▸ **BRIEF**:
Copy out every line of the data exactly; do not include the images.

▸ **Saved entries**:
=====

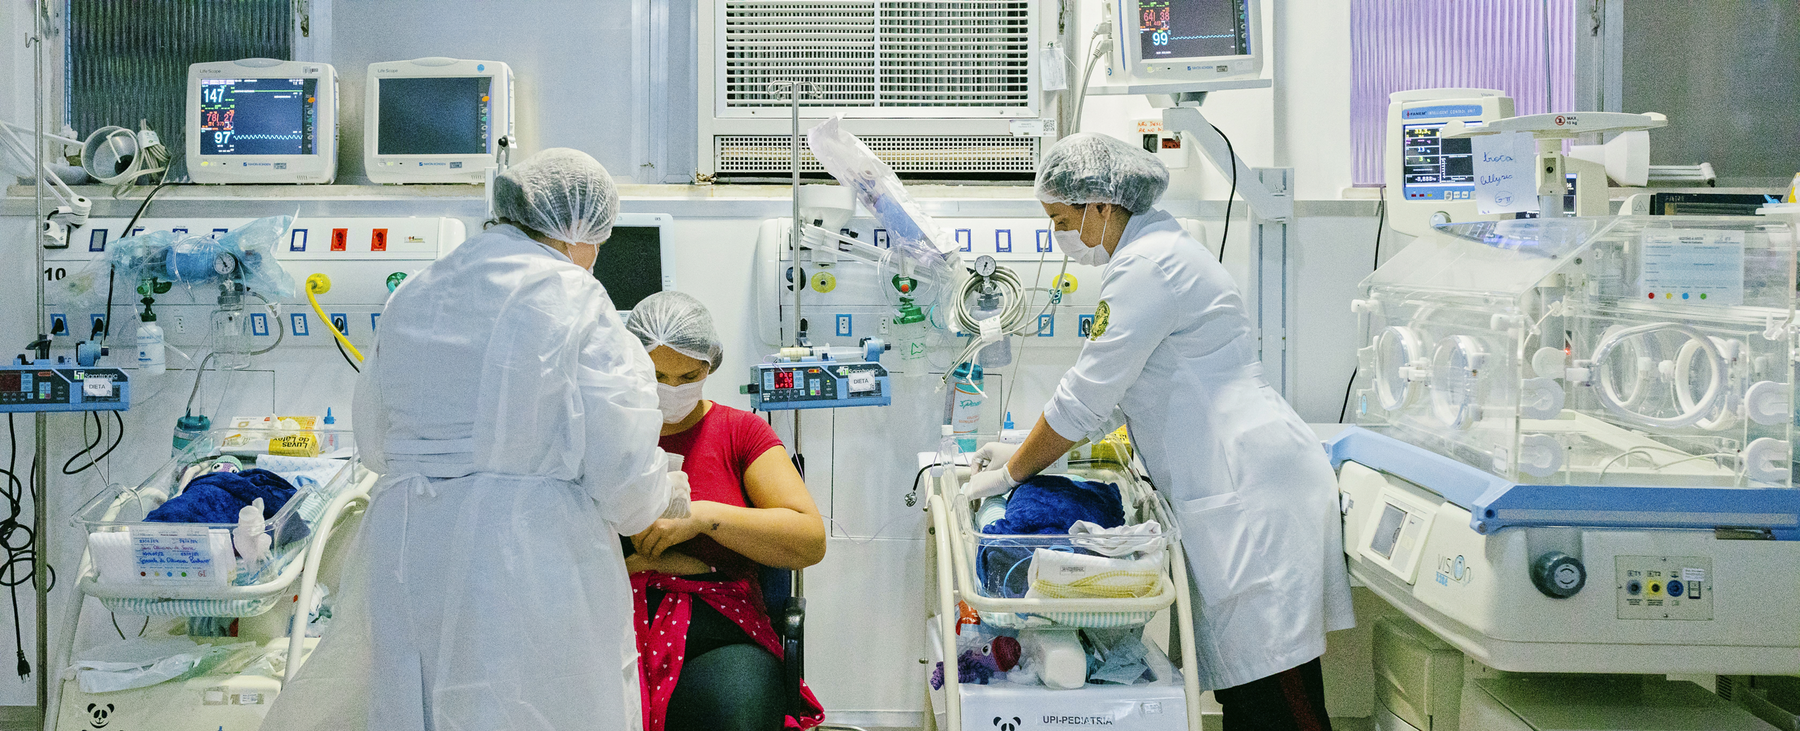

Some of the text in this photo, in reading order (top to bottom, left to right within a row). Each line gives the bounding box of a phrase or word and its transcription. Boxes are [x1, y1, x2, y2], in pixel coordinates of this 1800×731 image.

[1152, 32, 1169, 46] 99
[203, 88, 224, 103] 147
[214, 131, 231, 144] 97
[44, 267, 67, 281] 10
[1042, 715, 1113, 726] UPI-PEDIATRIA

=====

▸ **ANSWER TO THIS TASK**:
Some of the text in this photo, in reading order (top to bottom, left to right within a row). Each line gives the bounding box of a phrase or word and its transcription. Boxes are [x1, y1, x2, y2], in pixel coordinates of this 1800×731 image.

[1152, 32, 1169, 46] 99
[203, 88, 224, 103] 147
[214, 131, 231, 144] 97
[44, 267, 67, 281] 10
[1042, 715, 1113, 726] UPI-PEDIATRIA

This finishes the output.